In 2011, Giese turned her attention to the underrepresentation of women directors in United States media. She began researching and writing about viable legal strategies to remediate illegal discrimination against women in Hollywood, citing Title VII of the Civil Rights Act of 1964. She "first took her statistics and legal brief to the EEOC but was turned away." In 2013, she took her findings to the ACLU of Southern California, who launched an investigation after months of convincing. Finally, in 2015, after four years of activism in the Directors Guild of America, Giese instigated the biggest industry-wide Federal investigation for women directors in Hollywood history, going on now.

==#MeToo Movement==
Shortly after the ACLU launched its investigation of Hollywood's job discrimination, the New York Times published its 2017 article "that triggered the Metoo movement", exposing Harvey Weinstein of sexual harassment and assault. "'It was explosive,' says Giese, 'and suddenly our industry was throwing millions of dollars into the creation of new inside-industry enforcement organizations like Time's Up, The Hollywood Commission, ReFrame, and many others.'"

==Awards==
Giese is the recipient of numerous awards including 2016 Equity Award from Stanford University, two Golden Cine Eagles, a Kovler Writing Award, a Spotlight Award, First Prize at the American International Film Festival, a Charles Speroni Scholarship, and an MPAA Award of Excellence.
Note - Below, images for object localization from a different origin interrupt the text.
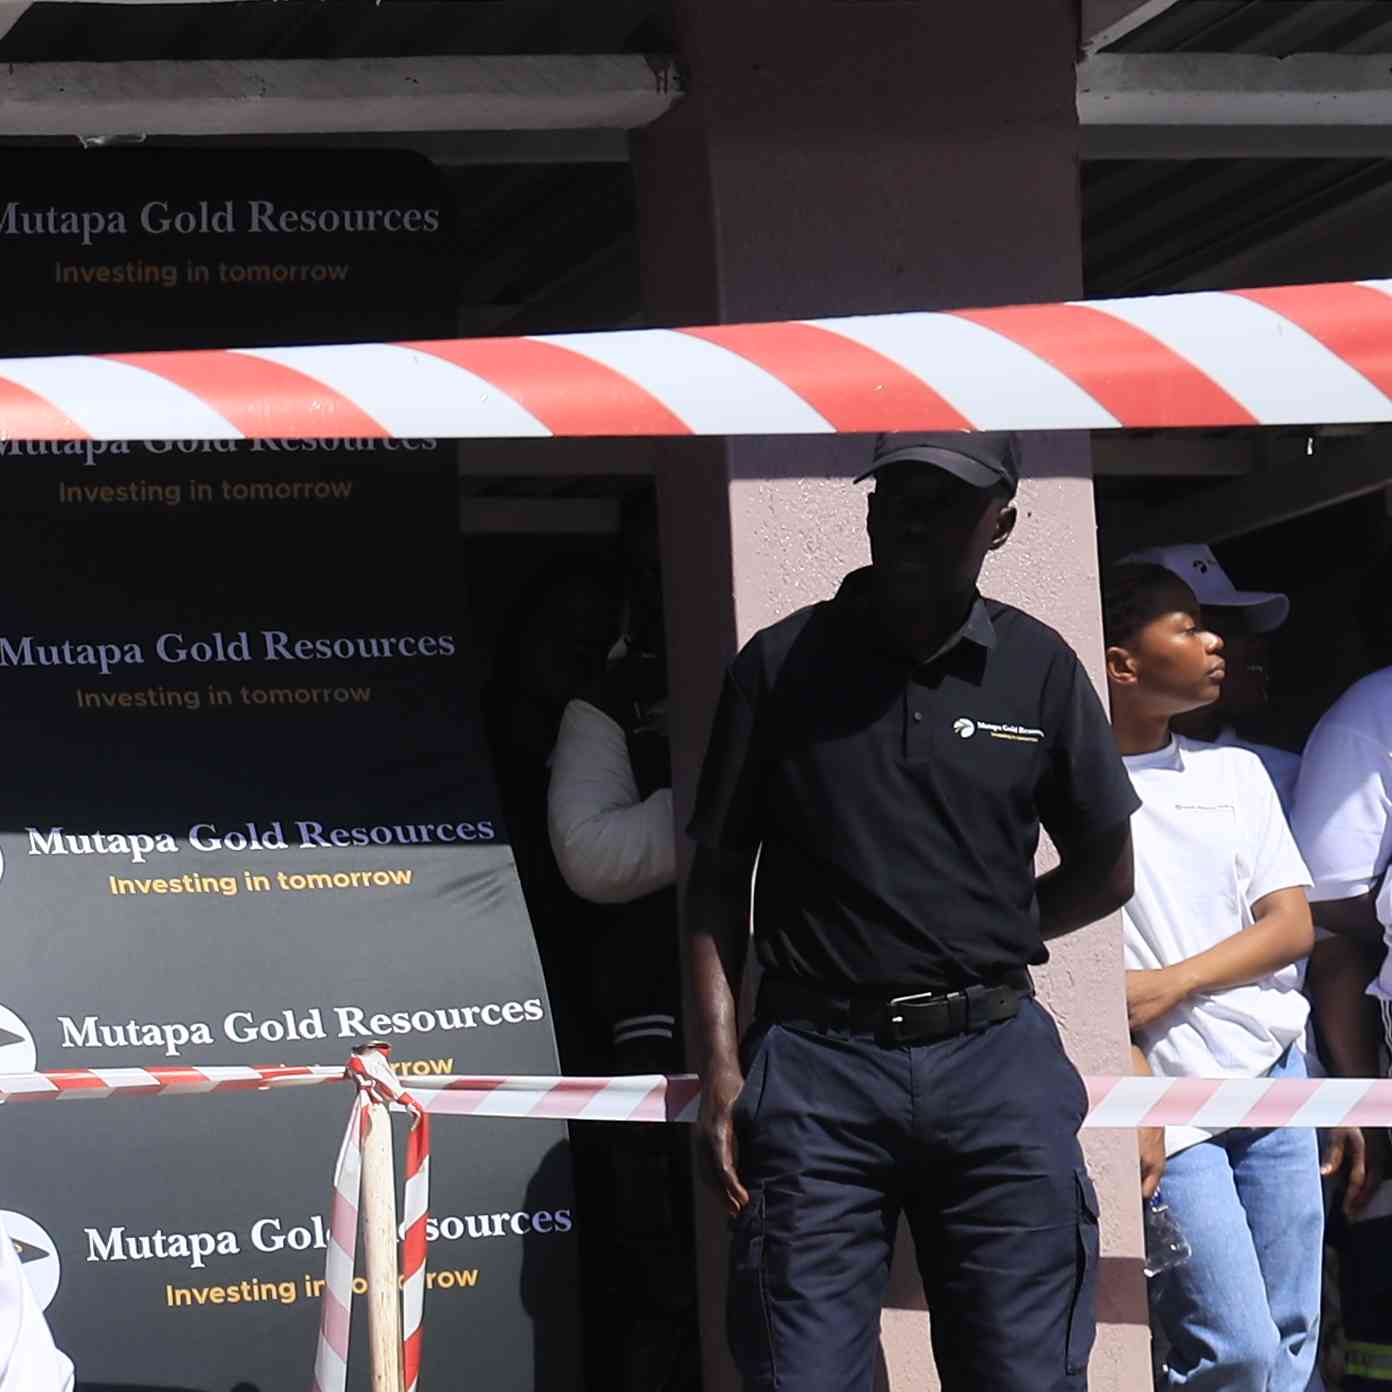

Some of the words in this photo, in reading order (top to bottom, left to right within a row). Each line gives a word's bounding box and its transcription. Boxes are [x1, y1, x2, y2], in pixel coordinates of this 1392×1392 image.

[141, 201, 235, 234] Gold
[248, 201, 438, 232] Resources
[56, 261, 177, 287] Investing
[187, 261, 209, 283] in
[219, 263, 348, 282] tomorrow
[60, 480, 180, 505] Investing
[190, 480, 212, 500] in
[222, 480, 352, 500] tomorrow
[157, 632, 251, 663] Gold
[263, 631, 454, 660] Resources
[77, 687, 200, 709] Investing
[209, 685, 232, 704] in
[240, 683, 370, 704] tomorrow
[27, 824, 178, 863] Mutapa
[187, 824, 288, 852] Gold
[296, 816, 496, 849] Resources
[110, 873, 239, 895] Investing
[245, 872, 270, 891] in
[278, 870, 413, 889] tomorrow
[58, 1017, 213, 1056] Mutapa
[224, 1009, 326, 1043] Gold
[334, 999, 545, 1039] Resources
[390, 1057, 453, 1076] rrow
[84, 1227, 239, 1268] Mutapa
[252, 1216, 329, 1252] Gol
[399, 1208, 572, 1240] sources
[167, 1278, 295, 1306] Investing
Additional awards include Outstanding Achievement by a Woman in the Film Industry for making Brainwashed with Nina Menkes.

==Reception==
In The New York Times, Manohla Dargis referred to her work as "a veritable crusade." And in 2016, Philadelphia Inquirer writer, Carrie Rickey, wrote, "So allow me to introduce real-life female crusader Maria Giese, whose fact-finding led to the ACLU findings that prompted the current EEOC investigation." According to The Los Angeles Times in October 2016, the EEOC "is now widening its circle of interview subjects to include studio executives, producers, agents, actors and male directors, according to multiple sources familiar with the investigation who declined to be identified because they were not authorized to speak publicly."
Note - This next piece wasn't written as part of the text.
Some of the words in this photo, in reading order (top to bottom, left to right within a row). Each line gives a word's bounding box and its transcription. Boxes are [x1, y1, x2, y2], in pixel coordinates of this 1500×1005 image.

In POV Magazine, Maya Gallous described Giese's work as portrayed in This Changes Everything as "...a Herculean effort (scratch that, an Amazonian effort) [...] making the industry accountable for what are, essentially, illegal discriminatory hiring practices." [32] Film Inquiry referred to Giese in This Changes Everything as "the most striking subject [...] Giese sacrificed her directing career for this cause. She essentially banded the women directors together – since there was no change coming from within Hollywood, she decided to take the problem to the federal level. Because of her plea, the ACLU took on the case and has convinced the EEOC (who initially didn't want anything to do with it) to investigate the systemic discrimination in Hollywood."

==Personal life==
Giese lives in Venice, CA and Stonington, CT with her husband and two children.

==Filmography==

- A Lotta Lambada (1990)
- Jewish Water (1992)
- A Dry Heat (1991)
- North Star (1996)
- When Saturday Comes (1996)
- Hunger (2001)
- Half The Picture (2018)
- This Changes Everything (2019)
- Brainwashed: Sex-Camera-Power (2022)

==Contributor==
- "U.S. Women Directors: The Road Ahead" in Silent Women: Pioneers of Cinema, 2016.